Born Nancy Streeks, Grasmick was raised in Baltimore's Forest Park neighborhood. While still a teenager attending Western High School, she had a bout of temporary deafness as a reaction to medication. She said later that she was inspired by the example of Helen Keller and decided to devote her life to education.

She received her doctorate from the Johns Hopkins University, her master's degree from Gallaudet University, and her bachelor's degree from Towson University.

==Career==
Grasmick began as a teacher of deaf children at the William S. Baer School in the Baltimore City Public Schools. She subsequently served as a classroom and resource teacher, principal, supervisor, assistant superintendent, and associate superintendent in the Baltimore County Public Schools. In 1989, Governor William Donald Schaefer appointed her Special Secretary for Children, Youth, and Families and, in 1991, the State Board of Education appointed her State Superintendent of Schools. In 1997, Grasmick was elected as a fellow of the National Academy of Public Administration. In 2000, Grasmick was the recipient of the Harold W. McGraw, Jr., Prize in Education, awarded in recognition of her achievements as head of the Maryland School system.

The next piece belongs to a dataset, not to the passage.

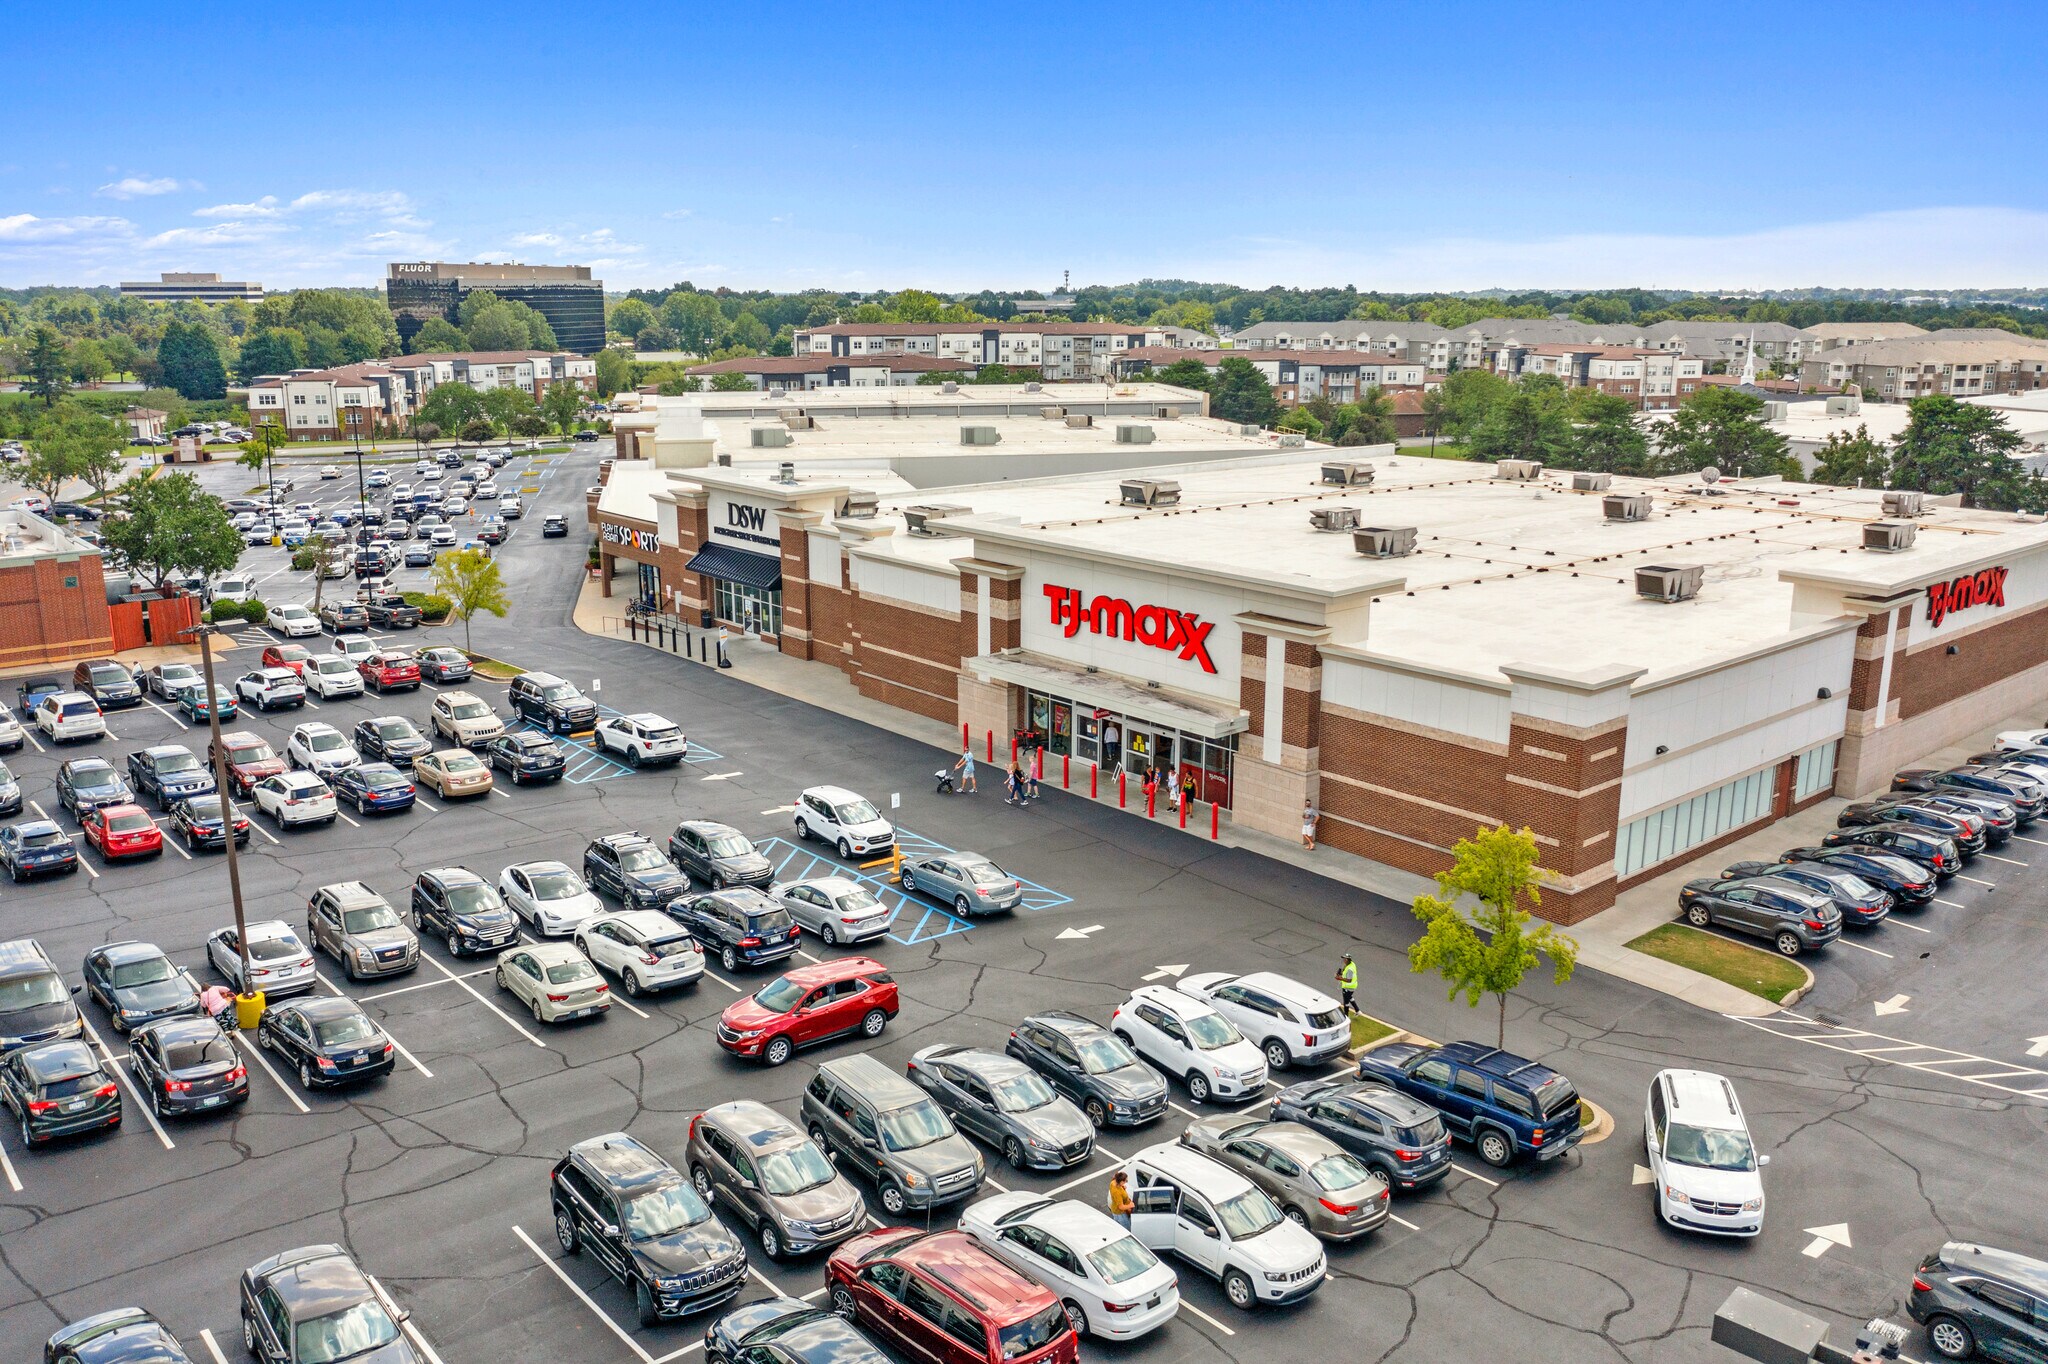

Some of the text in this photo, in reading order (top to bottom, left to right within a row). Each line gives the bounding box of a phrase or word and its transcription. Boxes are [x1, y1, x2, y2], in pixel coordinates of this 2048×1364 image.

[399, 264, 432, 273] FLUOR
[727, 502, 767, 531] DSW
[619, 526, 660, 554] SPORTS

In 2008, then-Governor Martin O'Malley unsuccessfully sought to replace Grasmick as Superintendent, calling her "a pawn of the Republican Party" because of her support of No Child Left Behind. At the time, Education Week ranked Maryland's schools third best in the U.S., based on several criteria. The effort ultimately failed, however, and she served for another three years, retiring at age 72 in June, 2011. By then, Education Week ranked Maryland's schools #1 in the nation.